Shortly after they were married, they moved to Kansas City to experience the big city and start a family. In 1980 and 1982, Kathy and Randy brought two daughters into the world, Stacey and Courtney (respectively). Together, Kathy and Randy juggled their careers, raising children, and big city life with an unwavering commitment to their family, love, and a sense of humor.
In 1987, Kathy took an early retirement from SWBell to watch her children grow up. She enrolled her girls in any and every activity possible so they could find their passions and creative outlets. She and Randy served as Treasurers for the PTO and were active volunteers at school and church. Kathy was a Girl Scout cookie captain and Leader for Troop #558. As her daughters grew older and more independent, she rejoined the working world at Jones Store before returning to the telephone company at Southwestern Bell Mobile Systems and finishing her career at Southwestern Bell Yellow Pages. She retired in 2009 after reaching 30 years of service with the company.
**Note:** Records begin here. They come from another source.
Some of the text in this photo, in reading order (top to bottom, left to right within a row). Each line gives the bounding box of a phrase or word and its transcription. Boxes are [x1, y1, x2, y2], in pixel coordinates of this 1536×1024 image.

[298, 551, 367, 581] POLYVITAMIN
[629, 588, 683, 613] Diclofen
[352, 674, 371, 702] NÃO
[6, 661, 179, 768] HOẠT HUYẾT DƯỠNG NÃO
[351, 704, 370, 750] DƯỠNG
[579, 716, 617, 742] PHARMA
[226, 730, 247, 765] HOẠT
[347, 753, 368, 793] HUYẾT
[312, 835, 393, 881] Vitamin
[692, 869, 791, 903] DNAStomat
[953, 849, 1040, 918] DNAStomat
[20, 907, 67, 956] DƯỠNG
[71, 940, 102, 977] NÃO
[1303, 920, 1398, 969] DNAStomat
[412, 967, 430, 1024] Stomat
Even before retirement, Kathy was known for dabbling in a variety of projects like sewing, woodworking, upholstery, and more. She stayed confident and curious in her ability to learn new skills and hobbies. She enjoyed traveling with her family to places like the Bahamas, Nashville, Dallas, and rarely turned down a trip to Vegas. She never met a craft store, hardware store, or slot machine that she didn’t like. Kathy was always quick to lend a hand to someone in need; from helping a friend wallpaper, to helping set up a cable box, or sending a cheer package to a friend going through cancer treatments, she did it. She volunteered at the Olathe Public Library, the adoration chapel at Holy Cross, and the Johnson County Christmas Bureau. She firmly believed that people would forget many things in life, but they would never forget the way you made them feel and that showed in her generosity to both strangers and friends alike.
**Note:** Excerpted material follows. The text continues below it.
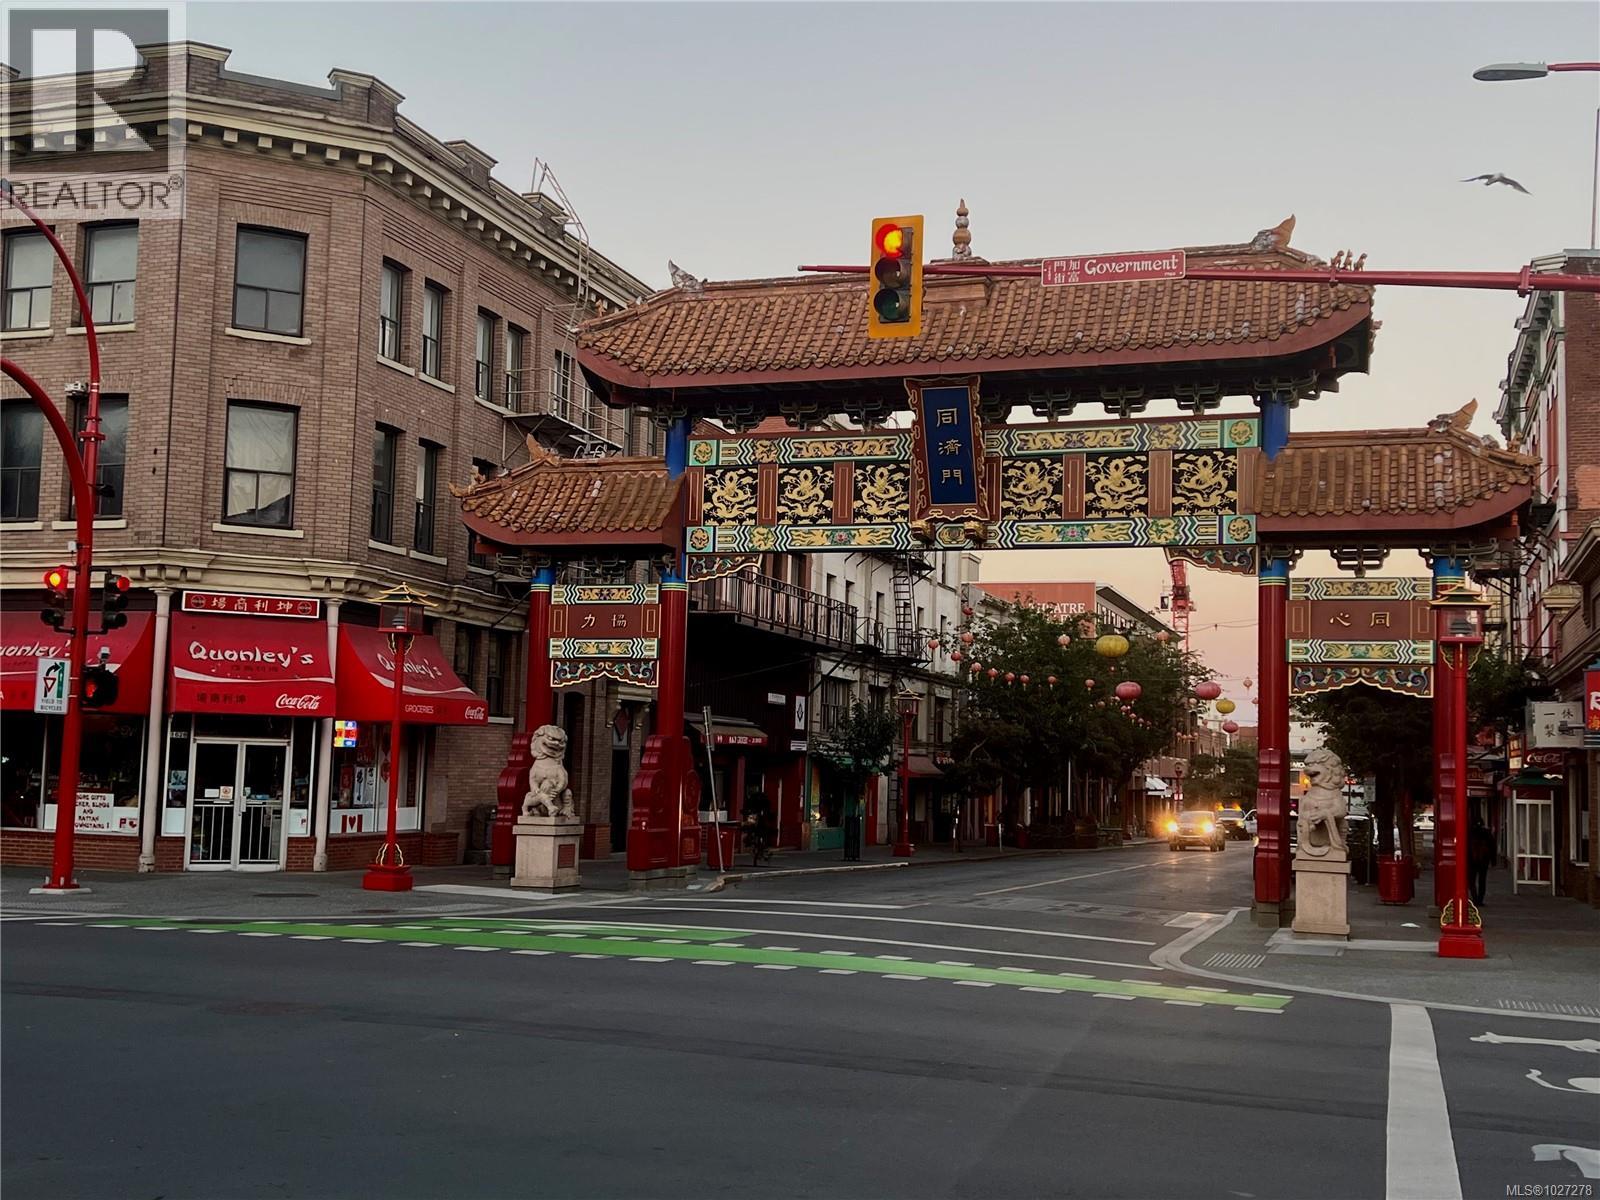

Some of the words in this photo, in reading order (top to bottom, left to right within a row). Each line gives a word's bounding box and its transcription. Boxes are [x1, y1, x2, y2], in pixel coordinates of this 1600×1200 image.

[1084, 254, 1178, 276] Government
[936, 407, 962, 485] 同濟門
[275, 693, 322, 710] Coca-Cola
[404, 704, 434, 714] GROCERIES
Kathy was diagnosed with Stage IV Lung Cancer in November of 2016 and underwent a total of four brain surgeries and countless treatments over her plight. If there was ever an award for Most Pleasant Cancer Patient, Kathy would’ve won it. She faced each appointment and treatment with courage, a sense of humor, and always a smile on her face. As usual, she made relationships with everyone on her care team -- she traded recipes with her radiation oncologist and befriended her research nurse. She put great faith in both the Lord and her medical team to take great care of her while she was fighting the good fight.
Kathy will be remembered for her tough yet gentle spirit, her sense of humor and contagious laugh, the kindness and compassion she showed to everyone, and the great pride she took in her family. She’s survived by her husband Randy of almost 45 years, daughters Stacey and Courtney, both of Overland Park, and a granddog Ruby Sue. She also leaves behind seven siblings -- Stan, Charlotte, Tom, Pat, Tim, Mike, and Beth and over 25 nieces and nephews, grandnieces and grandnephews and countless cousins, relatives, and friends. She was greeted into Heaven by her mother, Helen, father, Buck, and two brothers—Dennis and Dan as well as cousins, aunts, uncles, grandparents, and in-laws who have gone before her.
Cancer research was incredibly important to Kathy; she benefited from numerous clinical trials during her cancer tenure and was amazed by the advances in treatment in small increments of time. Donations can be made to the Cancer Research Institute or Kansas City Hospice in her honor.